-- WHAT THIS TASK INVOLVES --
Each line below is to be copied exactly as it appears.

(Stored items)
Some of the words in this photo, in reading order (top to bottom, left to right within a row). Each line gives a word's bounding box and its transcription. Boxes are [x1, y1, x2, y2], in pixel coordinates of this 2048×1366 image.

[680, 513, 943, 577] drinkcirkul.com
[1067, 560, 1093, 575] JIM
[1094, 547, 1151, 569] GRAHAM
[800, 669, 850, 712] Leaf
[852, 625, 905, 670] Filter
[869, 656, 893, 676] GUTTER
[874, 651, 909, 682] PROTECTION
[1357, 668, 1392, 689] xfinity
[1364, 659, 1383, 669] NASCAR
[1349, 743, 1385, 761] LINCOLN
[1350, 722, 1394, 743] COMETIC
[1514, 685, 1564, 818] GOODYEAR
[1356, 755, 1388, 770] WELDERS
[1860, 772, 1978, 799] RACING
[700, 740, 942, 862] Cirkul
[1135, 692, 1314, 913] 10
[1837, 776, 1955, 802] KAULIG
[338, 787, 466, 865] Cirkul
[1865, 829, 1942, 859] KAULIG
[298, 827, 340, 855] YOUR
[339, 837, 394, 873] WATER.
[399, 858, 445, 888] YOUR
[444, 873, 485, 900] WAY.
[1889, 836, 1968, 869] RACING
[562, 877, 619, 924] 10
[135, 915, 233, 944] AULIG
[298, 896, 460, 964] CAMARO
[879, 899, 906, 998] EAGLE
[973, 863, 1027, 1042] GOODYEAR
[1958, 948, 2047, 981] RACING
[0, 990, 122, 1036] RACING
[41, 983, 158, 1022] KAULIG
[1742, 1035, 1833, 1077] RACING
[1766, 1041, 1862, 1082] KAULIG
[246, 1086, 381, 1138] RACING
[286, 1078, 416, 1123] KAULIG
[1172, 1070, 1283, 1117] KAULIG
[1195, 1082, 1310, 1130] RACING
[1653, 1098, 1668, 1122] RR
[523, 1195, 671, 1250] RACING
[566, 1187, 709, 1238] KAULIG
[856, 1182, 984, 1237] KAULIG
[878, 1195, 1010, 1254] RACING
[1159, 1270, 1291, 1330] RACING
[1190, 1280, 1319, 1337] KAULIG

-- WRITTEN SOLUTION --
Some of the words in this photo, in reading order (top to bottom, left to right within a row). Each line gives a word's bounding box and its transcription. Boxes are [x1, y1, x2, y2], in pixel coordinates of this 2048×1366 image.

[680, 513, 943, 577] drinkcirkul.com
[1067, 560, 1093, 575] JIM
[1094, 547, 1151, 569] GRAHAM
[800, 669, 850, 712] Leaf
[852, 625, 905, 670] Filter
[869, 656, 893, 676] GUTTER
[874, 651, 909, 682] PROTECTION
[1357, 668, 1392, 689] xfinity
[1364, 659, 1383, 669] NASCAR
[1349, 743, 1385, 761] LINCOLN
[1350, 722, 1394, 743] COMETIC
[1514, 685, 1564, 818] GOODYEAR
[1356, 755, 1388, 770] WELDERS
[1860, 772, 1978, 799] RACING
[700, 740, 942, 862] Cirkul
[1135, 692, 1314, 913] 10
[1837, 776, 1955, 802] KAULIG
[338, 787, 466, 865] Cirkul
[1865, 829, 1942, 859] KAULIG
[298, 827, 340, 855] YOUR
[339, 837, 394, 873] WATER.
[399, 858, 445, 888] YOUR
[444, 873, 485, 900] WAY.
[1889, 836, 1968, 869] RACING
[562, 877, 619, 924] 10
[135, 915, 233, 944] AULIG
[298, 896, 460, 964] CAMARO
[879, 899, 906, 998] EAGLE
[973, 863, 1027, 1042] GOODYEAR
[1958, 948, 2047, 981] RACING
[0, 990, 122, 1036] RACING
[41, 983, 158, 1022] KAULIG
[1742, 1035, 1833, 1077] RACING
[1766, 1041, 1862, 1082] KAULIG
[246, 1086, 381, 1138] RACING
[286, 1078, 416, 1123] KAULIG
[1172, 1070, 1283, 1117] KAULIG
[1195, 1082, 1310, 1130] RACING
[1653, 1098, 1668, 1122] RR
[523, 1195, 671, 1250] RACING
[566, 1187, 709, 1238] KAULIG
[856, 1182, 984, 1237] KAULIG
[878, 1195, 1010, 1254] RACING
[1159, 1270, 1291, 1330] RACING
[1190, 1280, 1319, 1337] KAULIG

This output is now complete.